But hey ho, look what was donated.

Whilst of course leaving room to display books after all bookselling is what we are there for.

This is the domain of my colleague/friend and I am around to help and tootle through our cupboards for stuff.

More my domain is the display table which is a rather nicely battered square one dating back 100 years I would say.

This year, I want to have a display on it based on the Beatrix Potter’s Tailor of Gloucester.

So, if you don’t know the story, the gist of it is that the tailor is commissioned by the Mayor of Gloucester to make his outfit, including a waistcoat, for his Christmas Day wedding.

The tailor has a cat who is mean to the house mice, but they hide under cups, and bowls and Simpkin can’t find them.

Simpkin is sent out to buy some twist ( thread) so the tailor can sew all the button holes but he hides it in a teapot.

The tailor gets sick and whilst he is in bed, the mice got to his workroom and sew, and sew, and they finish everything.

Except one buttonhole and they pin a note to it saying ‘no more twist.’

Actually, it is a short book, you should go read it because it is a rather charming Christmas story.

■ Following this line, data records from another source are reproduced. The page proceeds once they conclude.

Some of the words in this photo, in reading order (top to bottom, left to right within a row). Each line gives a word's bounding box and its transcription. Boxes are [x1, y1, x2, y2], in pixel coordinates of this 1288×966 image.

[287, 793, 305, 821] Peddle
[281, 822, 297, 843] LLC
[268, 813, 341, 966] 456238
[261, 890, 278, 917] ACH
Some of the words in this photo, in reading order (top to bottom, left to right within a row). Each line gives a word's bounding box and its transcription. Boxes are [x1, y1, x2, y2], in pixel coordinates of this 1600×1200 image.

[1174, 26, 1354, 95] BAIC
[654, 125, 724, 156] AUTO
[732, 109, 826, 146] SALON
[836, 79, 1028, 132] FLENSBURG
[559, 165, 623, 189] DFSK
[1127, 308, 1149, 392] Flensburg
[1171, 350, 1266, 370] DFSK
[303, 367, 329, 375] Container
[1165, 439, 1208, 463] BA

So, our manager’s mother is knitting small mice to hide in cups, I have collected some old thimbles and cotton reels from other charity shops.

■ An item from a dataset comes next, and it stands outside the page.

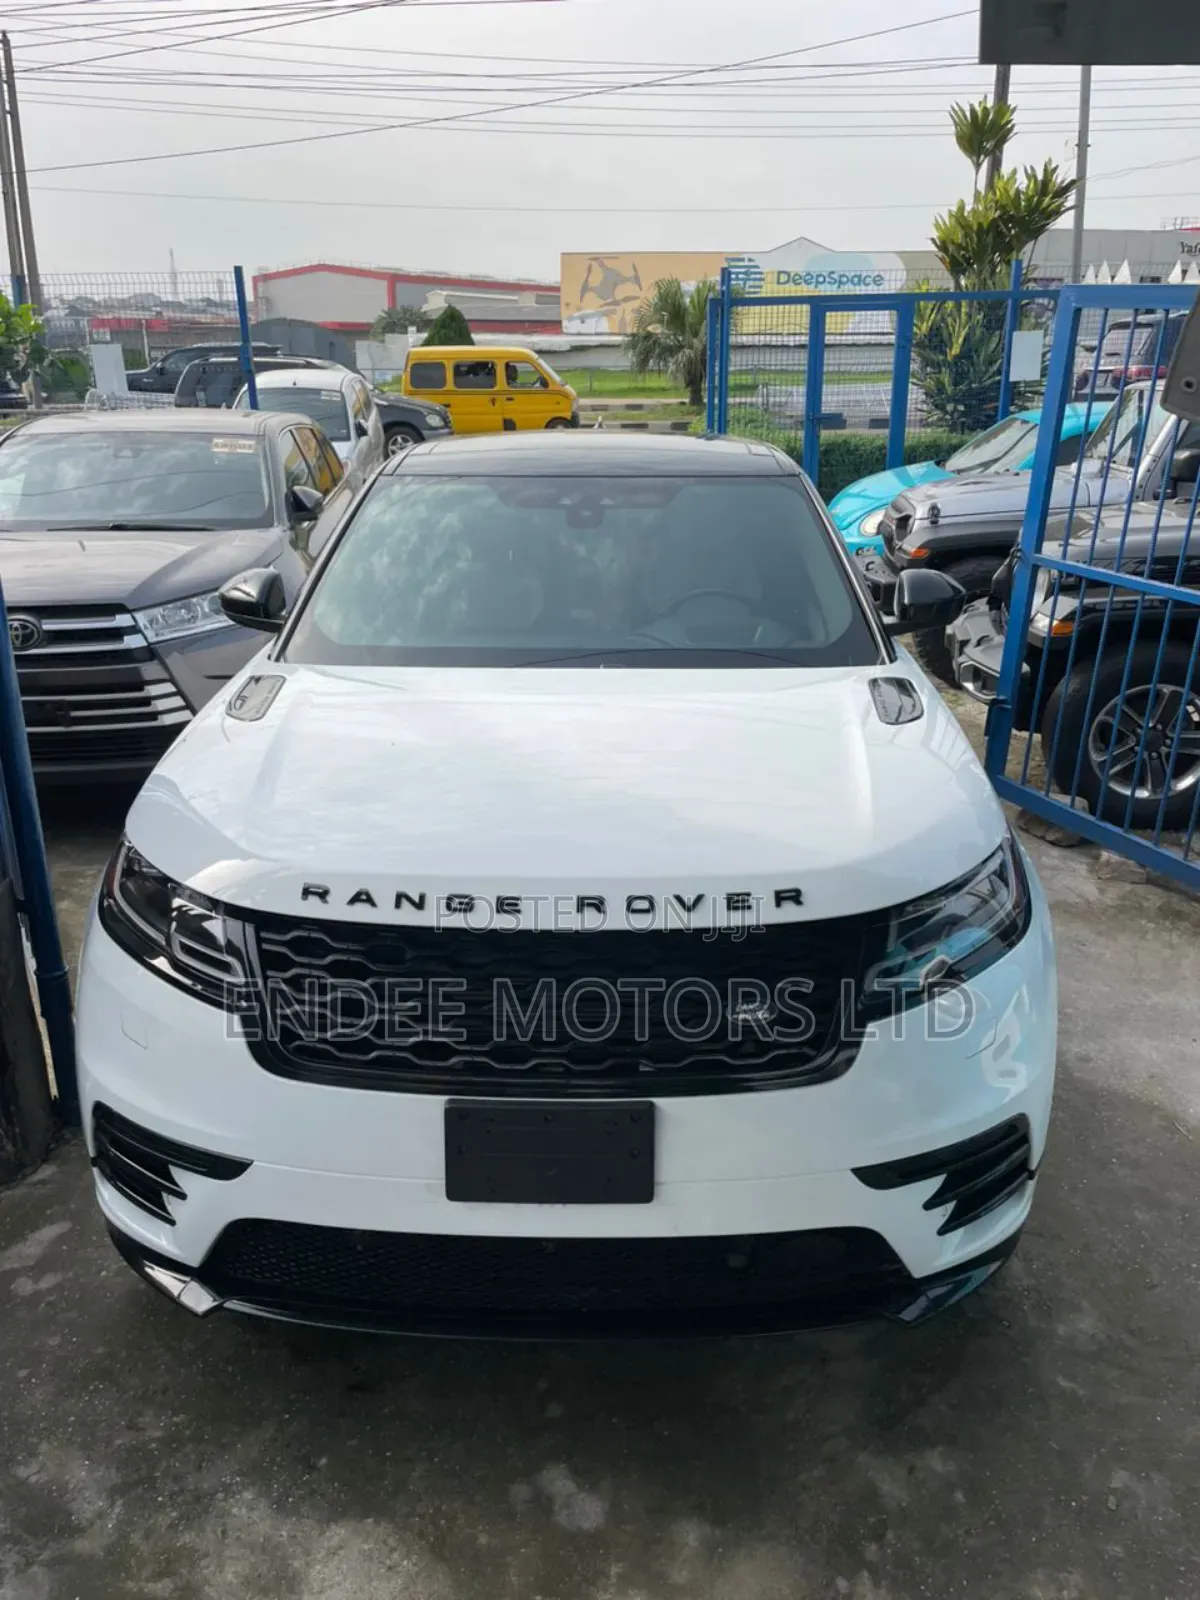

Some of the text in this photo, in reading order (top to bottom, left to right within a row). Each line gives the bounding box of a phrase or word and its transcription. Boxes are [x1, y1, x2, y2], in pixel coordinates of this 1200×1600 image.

[776, 270, 885, 288] DeepSpace
[301, 882, 804, 915] RANGE ROVER

We have a shop cat ( fake obviously) who will take on the role of Simpkin.

The story will be printed out and run around the four sides of the table.

And a kind and excellent needlewoman I know has offered to make a child’s size waistcoat because we don’t have the room for a big one.

All a bit twee? Maybe, but don’t tell me that because I have been invested in this since August.

Strange Ships

I don’t regularly work a Saturday afternoon in our Oxfam bookshop, and it is a rare ( but a very nice time) when a book is united with someone who really wanted/needed/appreciated it.

Mostly instead it is nice customers who have been recommended a good paperback fiction book by a friend or a sister, or who has read one of the author’s books and wants to read more – or indeed never tells me why they are buying the book.

But this afternoon was a bit different.

We have a glass cabinet ( I have to say rather thrust upon us by a previous area manager) into which we put ‘specially attractive books.’

I put books in there that I really hope will sell because they are delightful/interesting/unusual – but often the book-buying public of Petersfield finds them less so…..

Anyway, the one I put in a few days before my Saturday shift was not really a book.

It was a photograph album of ships.

It was donated by who knows who. 

It had no name of the ‘author.’

Every page was completed and every page had a tissue guard – that, just in case you didn’t know, means a bit of photographic tissue paper to protect the photographs.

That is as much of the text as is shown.